The program is located at three high-impact inpatient psychiatric hospitals: Bournewood Hospital, HRI Hospital, and Arbour Hospital. This partnership allows us to deliver enhanced patient care, where we collaborate with inpatient staff, coordinate discharge plans, share pertinent clinical information and progress updates, and ensure a smooth transition from the hospital to the community. This ongoing collaboration is essential in our effort to provide an exceptional level of care to those in need of mental health care.
Our goal this year is to expand this program to additional facilities, with the emphasis placed on fostering collaborative relationships that best serve the behavioral health needs of our members.
What kind of care are members receiving as a result of their participation in BH TOC?
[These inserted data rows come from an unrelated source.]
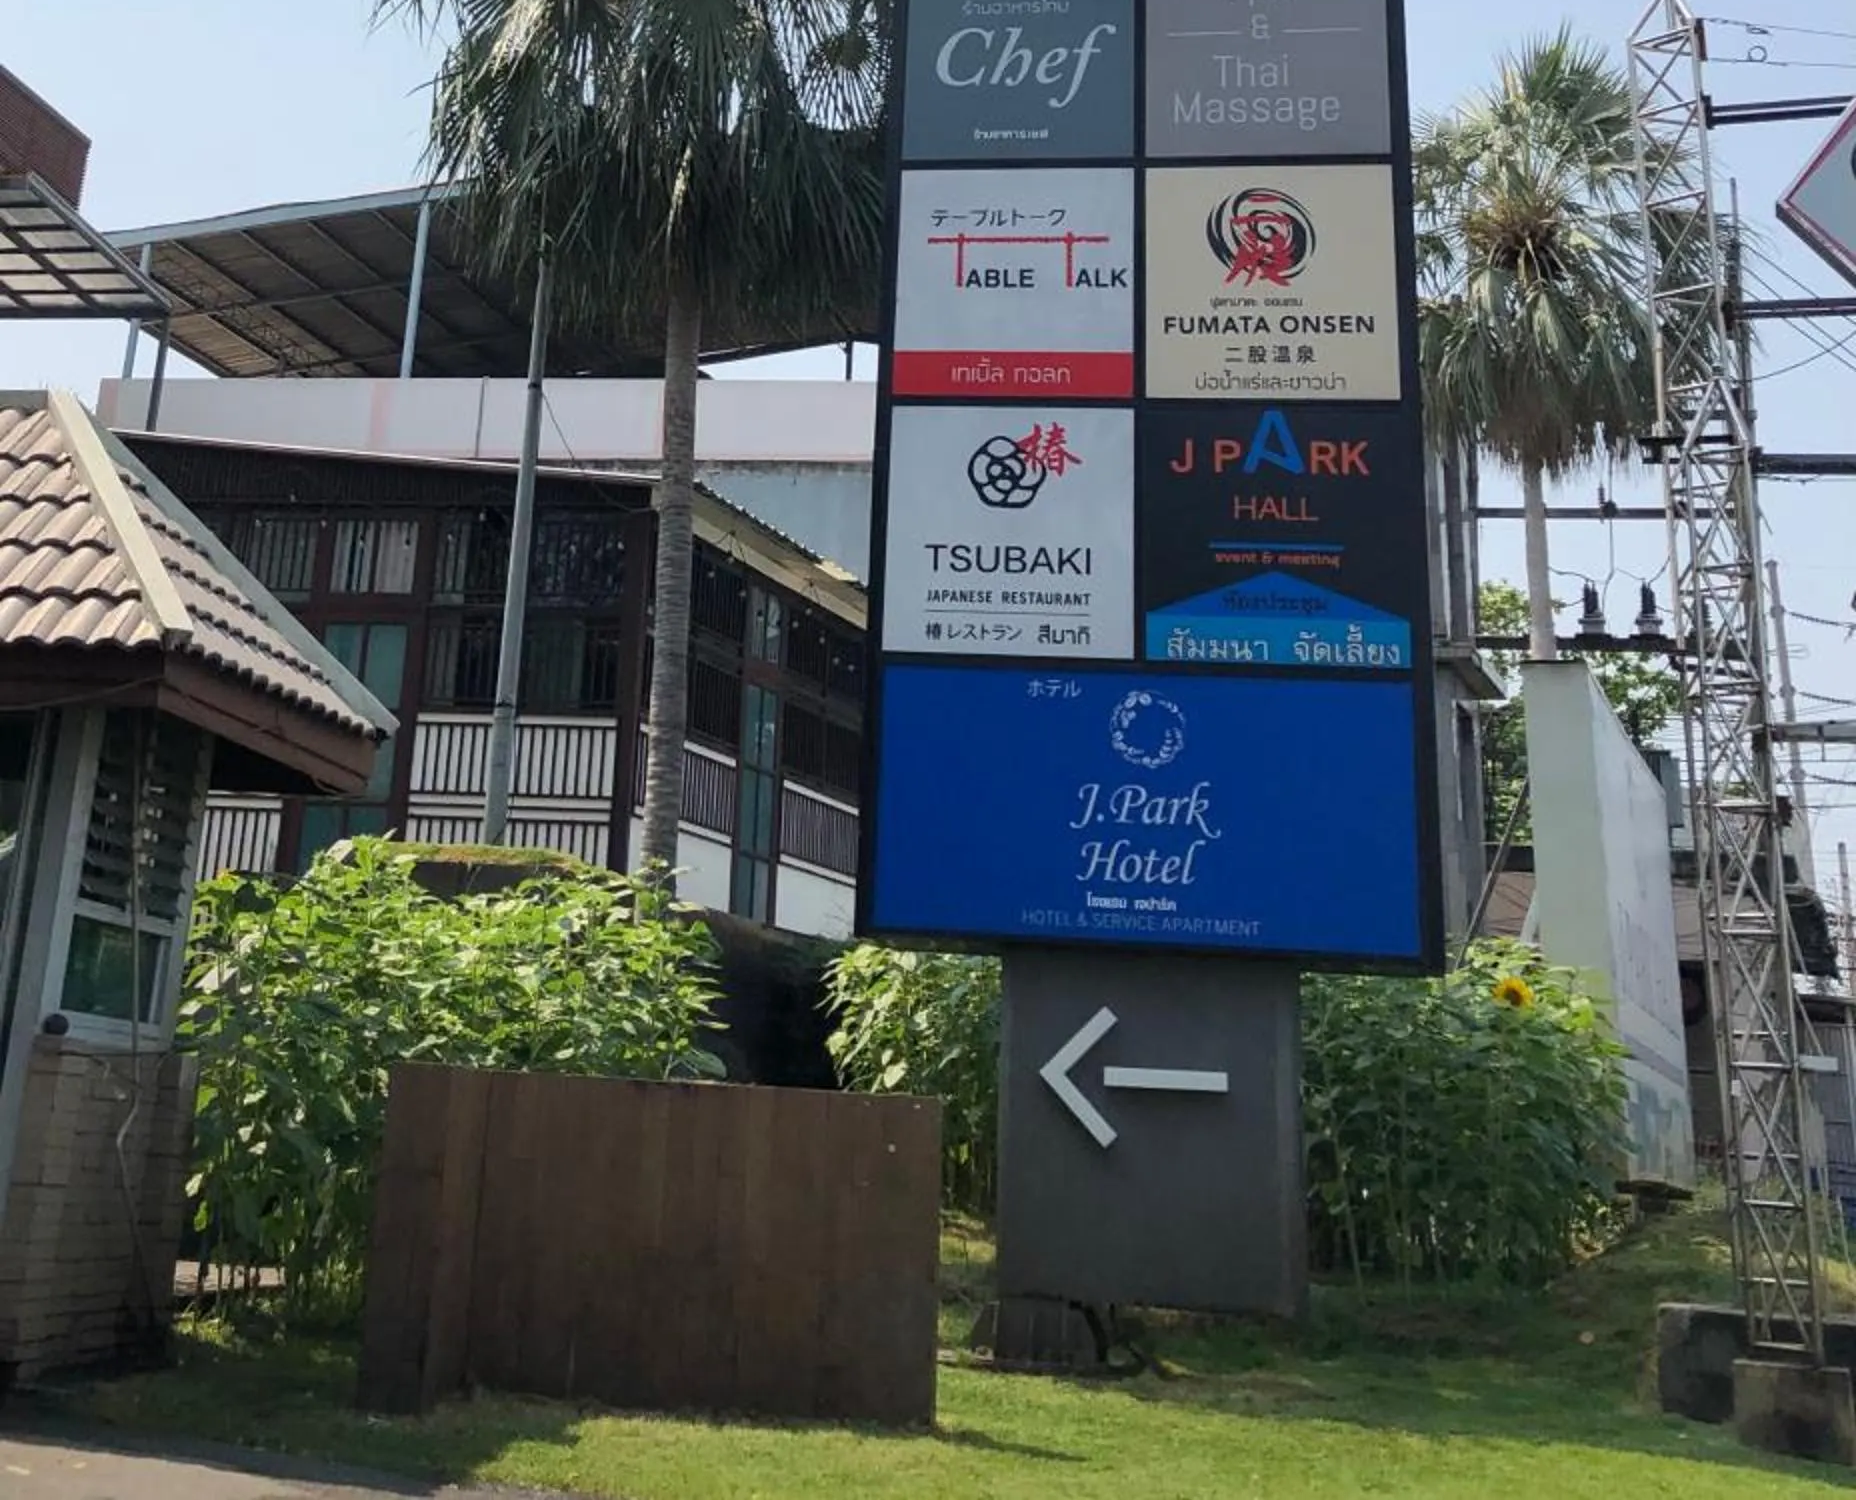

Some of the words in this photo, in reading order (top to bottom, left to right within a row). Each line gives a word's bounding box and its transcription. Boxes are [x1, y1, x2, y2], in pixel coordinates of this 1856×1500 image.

[1250, 12, 1271, 40] &
[935, 23, 1117, 109] Chef
[1212, 53, 1289, 88] Thai
[1173, 91, 1341, 131] Massage
[931, 208, 1067, 228] テーブルトーク
[1163, 315, 1271, 335] FUMATA
[1279, 315, 1376, 334] ONSEN
[1168, 438, 1195, 474] J
[1212, 409, 1371, 477] PARK
[1233, 495, 1320, 522] HALL
[924, 543, 1093, 576] TSUBAKI
[1215, 552, 1257, 564] event
[1278, 554, 1341, 568] meeting
[926, 588, 994, 605] JAPANESE
[1002, 590, 1092, 607] RESTAURANT
[1026, 678, 1083, 699] ホテル
[1068, 781, 1222, 840] J.Park
[1075, 839, 1207, 886] Hotel
[1021, 908, 1071, 928] HOTEL
[1076, 911, 1089, 928] &
[1092, 912, 1156, 932] SERVICE
[1162, 916, 1263, 937] APARTMENT
- Enhanced Engagement in Treatment: The program assures members are engaged in their treatment by ensuring timely follow-up appointments, strengthening connections to community-based services, reducing barriers to accessing care, and improving communication between behavioral health providers and medical providers. Patients are taught about their conditions and treatment options.
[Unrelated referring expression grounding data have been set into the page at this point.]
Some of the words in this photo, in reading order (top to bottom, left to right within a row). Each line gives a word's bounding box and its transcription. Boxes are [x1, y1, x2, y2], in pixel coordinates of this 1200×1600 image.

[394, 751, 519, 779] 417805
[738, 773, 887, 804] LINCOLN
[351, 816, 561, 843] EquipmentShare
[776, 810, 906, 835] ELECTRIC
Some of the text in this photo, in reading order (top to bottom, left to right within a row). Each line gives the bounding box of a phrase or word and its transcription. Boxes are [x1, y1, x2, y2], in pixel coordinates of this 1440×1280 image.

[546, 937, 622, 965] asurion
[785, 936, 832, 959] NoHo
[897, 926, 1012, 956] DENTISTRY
- Reduced Readmissions to Psychiatric Facilities: The goal is to reduce the number of psychiatric readmissions by streamlining the discharge planning process. In addition to clinical consultation, BH TOC staff assist with aftercare referrals and scheduling, offering transitional support during the critical post-discharge period and engaging patients proactively in crisis intervention. With this transitional outpatient support, patients have support to prevent readmission to the inpatient setting for care.
- Care Coordination: The program seeks to improve patient outcomes by advocating for timely, comprehensive, and patient-centered care, by facilitating collaboration among the patients’ entire outpatient care teams, and by evaluating the efficacy of patients’ treatment plans, and adjusting them as clinically appropriate.
The BH TOC program is an innovation in mental health care because it aims to make lasting improvements for individuals by addressing not only their clinical needs but also their non-medical needs, such as housing, food security, transportation, economic stability, and more.
The BH TOC program is built to serve as a catalyst for positive change in mental health care.
What our FQHCs are saying:
“Patient engagement has improved with the bridge from the BH TOC to New Bedford Community Health’s (NBCH) BH services. Patients feel heard and supported by having a clear plan at discharge. Patients are showing up to the appointments and want to engage in BH care.
BH Clinicians finding out ahead of time a patient will need prescriptions has been a big benefit to our patients. We have been able to bridge meds until their psych appointment. The positive outcome of NBCH staff working with C3 BH TOC has had a positive impact on our Behavioral Health Clinicians; having contacts for discharge planning supports the BHC and the patient is not lost in the loop of discharge planning.”
–Integrated Behavioral Health at New Bedford Community Health
“Kennedy Community Health’s (KCH) collaboration in the BH TOC program has been an extremely positive experience! Prior to the collaboration, we were experiencing great difficulty with communication in the psychiatric units due to several reasons. This led to a struggle when patients were being discharged home. Since starting the program, we have seen an improvement in both forming connections with the hospital, as well as patient engagement once discharged from the facility. Patients have been able to form a relationship with BH TOC staff prior to being discharged. Once discharged, they are seamlessly handed off to a familiar case manager at KCH with all the appropriate follow-ups booked ahead of time. In my opinion, this has set the patients up for better success. This program has made continuity of care much more achievable and significantly aids in maximizing patients’ positive outcomes.”
—Kennedy Community Health, Transition of Care Team
C3’s Behavioral Health Transitions of Care program is committed to reducing readmissions and enhancing patients’ overall care through our innovative approaches and collaborative efforts. By concentrating on high impact psychiatric units and eyeing expansion to more units down the road, BH TOC is poised to continue its transformative impact on the behavioral health landscape.